I loved When You Reach me and I loved Liar & Spy. Georges is similar to When You Reach Me‘s Miranda – sensitive, observant, New Yorker mired in the social horrors that arise during that tender time that between childhood and the teen age. Georges has lost his close friend to a crowd of popular bullies and lost his house with a customized lofted bed made from a real fire escape. His parents move him into an apartment building in his Brooklyn neighborhood and he meets a family of mildly-eccentric homeschoolers, two of whom run various espionage operations around the building. There’s no supernatural mystery in this story, but Georges slowly realizes that nothing in his new life – his friends, his classmates, his family – is quite what it seems. Details unravel at a quickening pace, lies are revealed, and the pages will flip by before you know it.
I may have almost cried when this book ended. Maybe.

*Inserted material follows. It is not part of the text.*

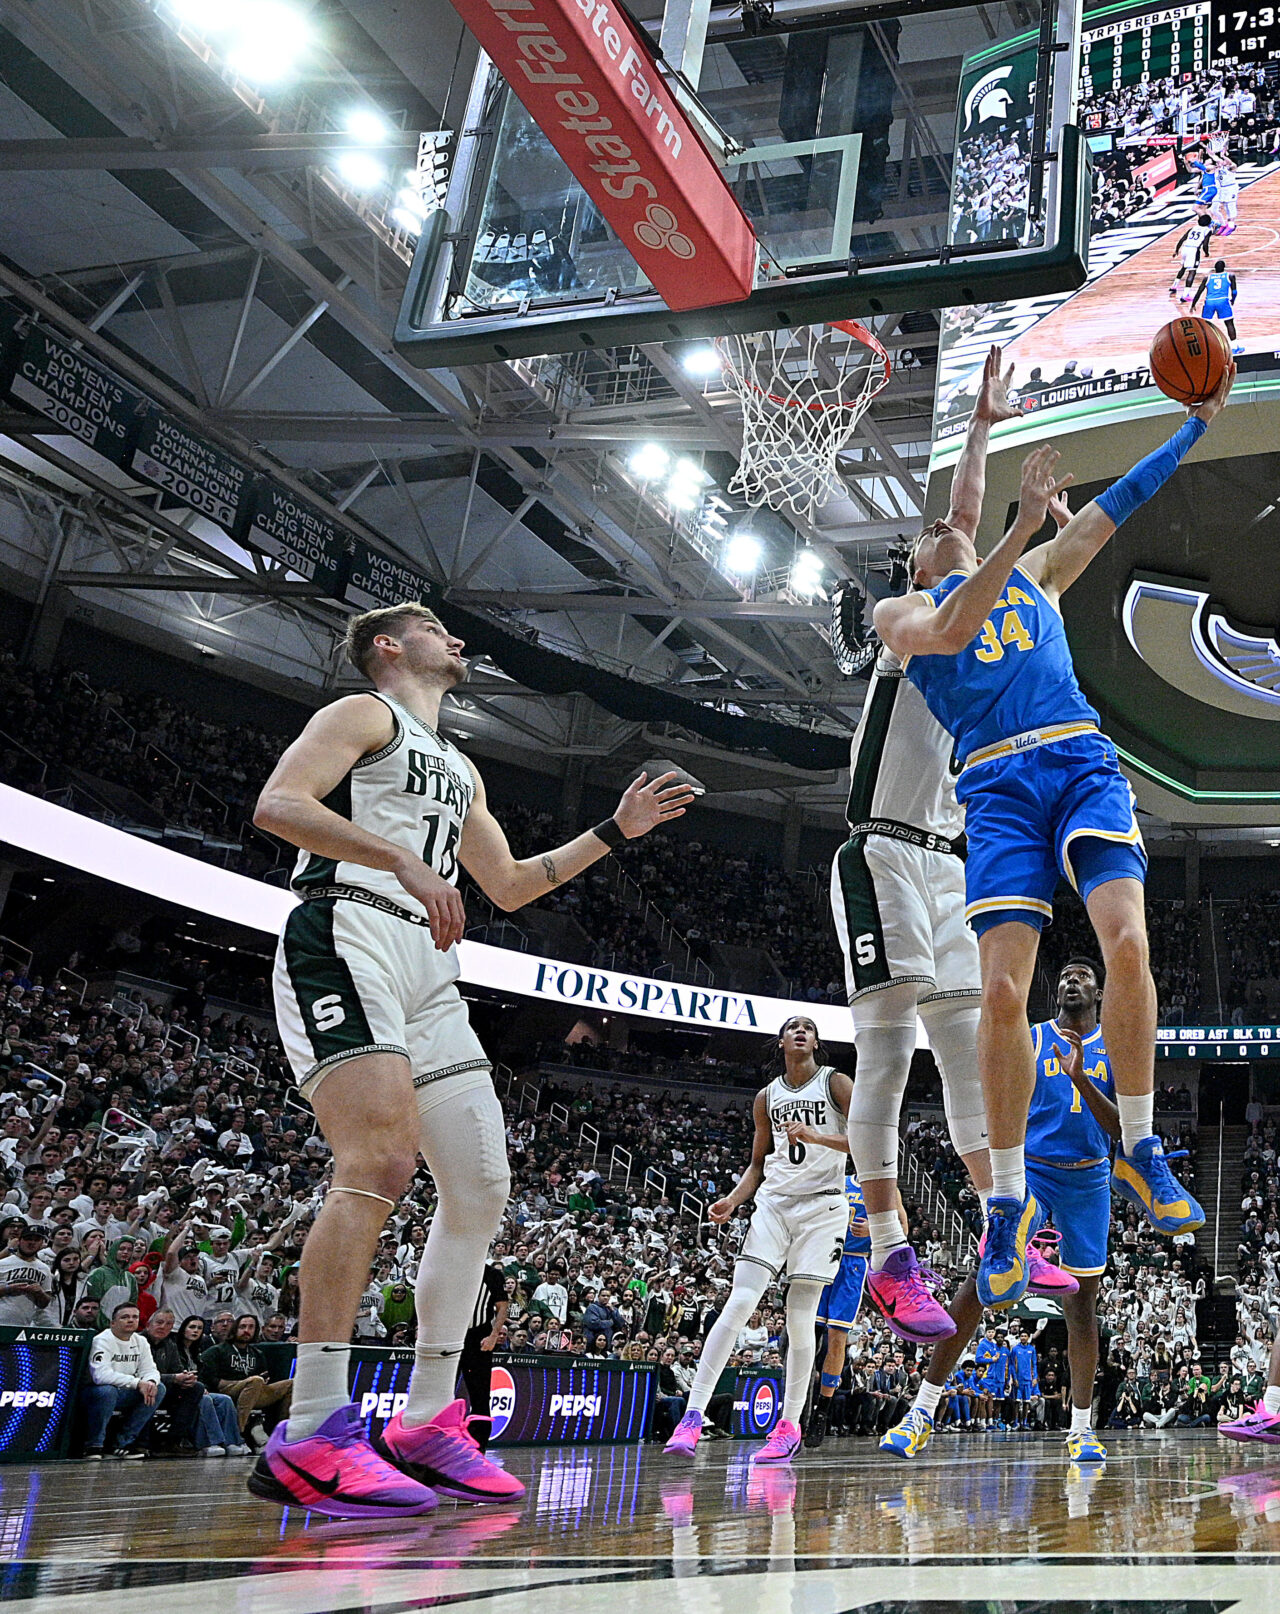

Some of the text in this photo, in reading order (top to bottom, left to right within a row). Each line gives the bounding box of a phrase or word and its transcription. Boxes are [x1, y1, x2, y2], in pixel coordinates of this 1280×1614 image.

Liar & Spy is getting a bit of awards-season buzz, but I’m not sure it will be get as much attention as When You Reach Me – it’s not quite as complex, as intertextual, as fresh, as historical. But what Stead does here, again, is show off her seemingly growing talent in portraying the heartbreaks of childhood without resorting to tragic shock story lines; in capturing the everyday problems of her sympathetic characters, she does so much more. I wish you could bottle up a little bit of Stead and sprinkle it on every children’s book. This book may have turned me into a bonafide fangirl.